Sant’Ambrogio è passato, e già si assapora per le vie di Milano quell’atmosfera natalizia che illumina le vie della città. Per le strade la gente corre nei negozi per fare acquisti, e non può mancare un buon dolce sulla loro tavola. I pasticceri hanno un bel da fare in questo periodo, e la pasticceria Ranieri, situata in Via Moscova 7, non fa eccezione.
Varcato l’ingresso, il negozio si presenta caldo e accogliente: sulla sinistra interi scaffali colmi di ogni genere di leccornie, forme di Babbo Natale al cioccolato, marmellate di diversi gusti e la specialità di questo periodo dell’anno: il panettone. Sulla destra, alle spalle del banco vetrina, c’è un grande specchio con ripiani colmi di vari tipi cioccolato e di vini spumanti.
Al bancone del negozio, molto indaffarato per il continuo afflusso di clienti, si trova Maurizio Rana, che insieme al padre Francesco, classe 1947, gestisce questa attività. Maurizio è pasticcere per passione: dopo essersi laureato in architettura, ventotto anni fa ha deciso di entrare a tempo pieno nella gestione del negozio. Dalla finestra che sta alla sinistra del bancone si può notare un laboratorio, dove quattro pasticceri sono indaffarati nell’impastare i dolci; tra questi c’è anche Francesco, a cui chiediamo cosa è che distingue la sua attività dalle altre. La risposta è il panettone con ananas semi canditi, un’idea nata negli anni ’70. Decisione coraggiosa, perché in quel periodo l’ananas non era facilmente reperibile e comunque era poco utilizzato. L’idea si è dimostrata vincente; fin da subito il dolce è andato a ruba, e il negozio ha acquisito quella fama che conserva anche oggi.

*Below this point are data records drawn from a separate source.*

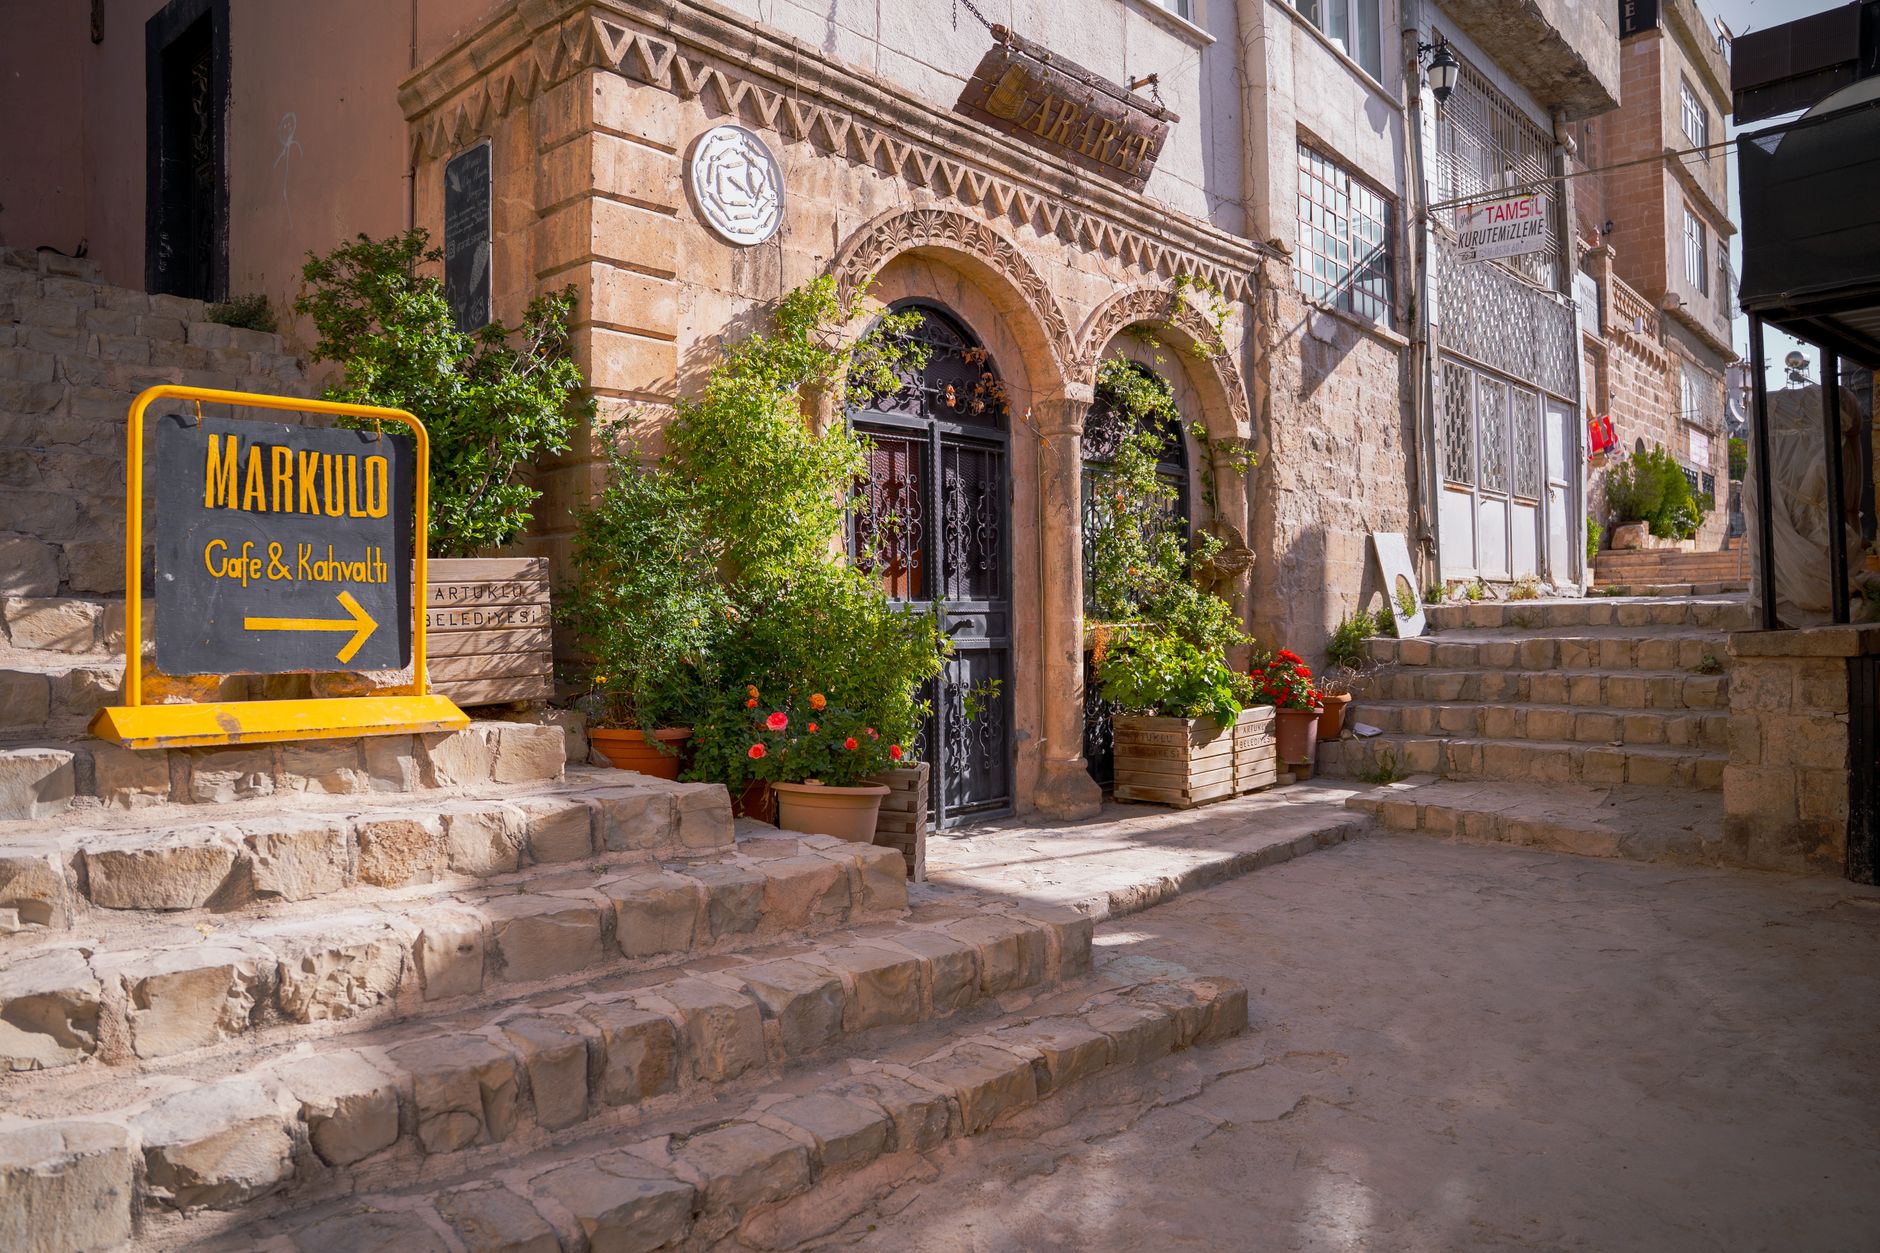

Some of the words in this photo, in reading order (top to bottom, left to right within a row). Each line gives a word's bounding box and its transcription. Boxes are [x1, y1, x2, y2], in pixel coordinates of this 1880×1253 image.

[1018, 95, 1155, 176] ARARAT
[205, 433, 389, 519] MARKULO
[204, 539, 262, 588] Cafe
[267, 541, 293, 581] &
[434, 585, 522, 601] ARTUKLU

Non sono poche le celebrità che hanno varcato la soglia di questa pasticceria. Appese in alto sull’elegante muro di legno troneggiano le locandine di due album di Mina: “Ridi Pagliaccio” e “Pappa di latte”. La cantante era una cliente abituale della pasticceria e Maurizio ci racconta di come, prima di scendere dalla sua automobile, inviasse l’autista ad accertarsi che il negozio fosse vuoto per poter fare acquisti in tranquillità. Nella vetrina che dà sulla strada sono esposte tre torte che recano la scritta “Quando la musica si fa dolce”: «E’ stata dedicata a Katia Ricciarelli per la prima alla Scala, ed è lei che le ha lasciato il nome “Do di Petto”», racconta con orgoglio.
Mentre il figlio torna a servire lamole di clienti che continua a entrare, chiediamo a Francesco se pensa che il suo mestiere possa avere un futuro. Si dice tranquillo, facendo capire con un cenno che è sicuro che suo figlio continuerà la sua attività. Gli chiediamo che consiglio darebbe ai giovani che volessero fare questo mestiere: «Se non avete passione lasciate perdere». Francesco lascia capire che questo è un mestiere difficile, che richiede grande passione e impegno, ingredienti che nei dolci sfornati nella pasticceria Ranieri non mancano di certo.